The methodology and analytics of model construction in the social sciences has lately attracted a good deal of interest, including valuable efforts by scholars in the economics discipline. The existing literature is extensive and important. But it tends to move in a somewhat different direction from that which is of concern in the present volume. That is, the focus of attention here exists in sharp contrast with the general scope, perspectives, and purposes of much of the literature which precedes it and which will be referred to elsewhere in this book.

The primary aim of subsequent chapters is to present a scheme of argument that throws necessary light on actual model building procedures that contribute to economic explanation. In particular, it develops and explores a five-stage model building format, including within it a number of elements having significant real-world relevance. That, in practitioner terms, permits the description of models that not only cohere in their separate elements but exhibit correspondences, or bridges, to empirical realities.

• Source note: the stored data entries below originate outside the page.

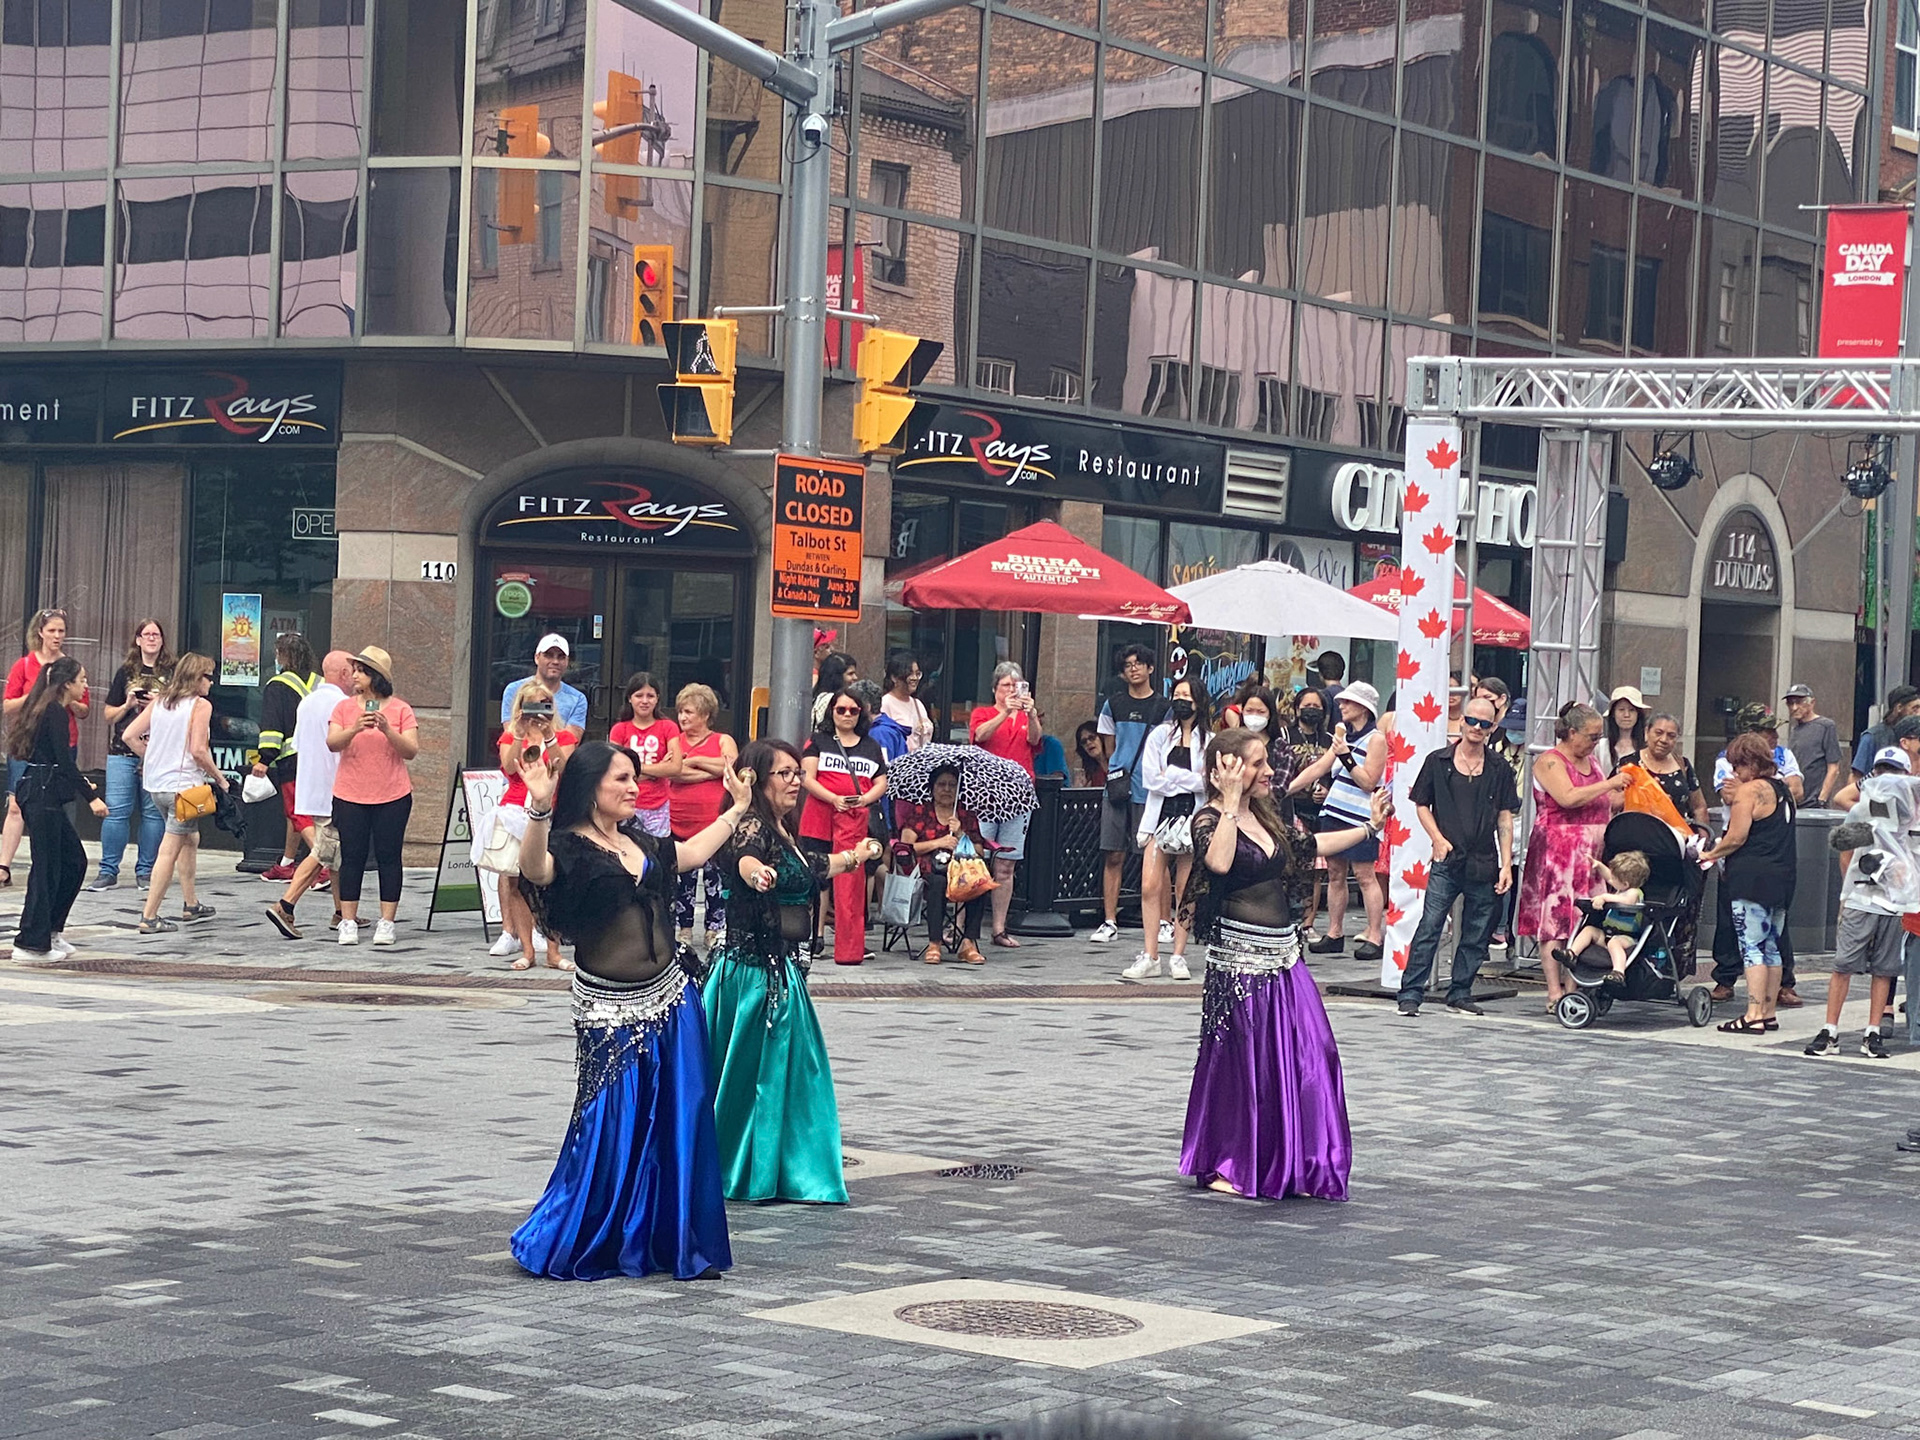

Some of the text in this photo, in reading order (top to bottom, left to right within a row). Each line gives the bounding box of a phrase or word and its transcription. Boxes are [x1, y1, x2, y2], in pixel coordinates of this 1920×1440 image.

[1838, 243, 1894, 256] CANADA
[1845, 254, 1887, 272] DAY
[1837, 338, 1884, 347] presented by
[132, 397, 194, 418] FITZ
[1079, 449, 1200, 486] Restaurant
[795, 474, 846, 498] ROAD
[519, 496, 591, 515] FITZ
[785, 501, 853, 526] CLOSED
[581, 532, 655, 544] Restaurant
[790, 531, 847, 552] Talbot St
[1729, 533, 1756, 561] 114
[805, 553, 830, 561] BETWEEN
[1007, 554, 1083, 568] BIRRA
[422, 562, 456, 580] 110
[786, 560, 847, 578] Dundas & Carling
[990, 561, 1100, 578] MORETTI
[1014, 572, 1079, 583] L'AUTENTICA
[1714, 560, 1774, 591] DUNDAS
[779, 572, 797, 586] Night
[798, 575, 819, 587] Market
[827, 580, 843, 592] June
[777, 587, 852, 608] & Canada Day July 2
[270, 618, 298, 630] ATM
[209, 747, 242, 770] TM

The sub-discipline of economic model building has for a long time, of course, occupied a place in analytical, as opposed to descriptive, economics. It has often existed on the level of unarticulated assumptions about the way the world works. But since the discipline of economics severed its attachment to moral philosophy and emerged to gain autonomous academic respectability, since Adam Smith enlightened economists about his pin factory and his functioning market concepts, since Ricardo and the classical economists understood the market system to function automatically at a level of high employment and economic welfare, since the neoclassicists embraced for analytical usage notions of full information, certainties of knowledge, and infinitely rapid market adjustment mechanisms — since those earlier developments, thinking about economic reality has increasingly employed well-specified models of the ways in which systems under investigation operate. It was not necessary in previous times to articulate a full model's construction to contemplate, for example, that if there should be an increase in market demand for a commodity without any change in supply conditions, there would, in the general scheme of things, be a rise in the price at which the market cleared or equilibrated. Indeed, such imaginations, based as they were inherently on not-fully-articulated models, soon found their way into the general public consciousness, quite apart from their developing significance for analytical economics.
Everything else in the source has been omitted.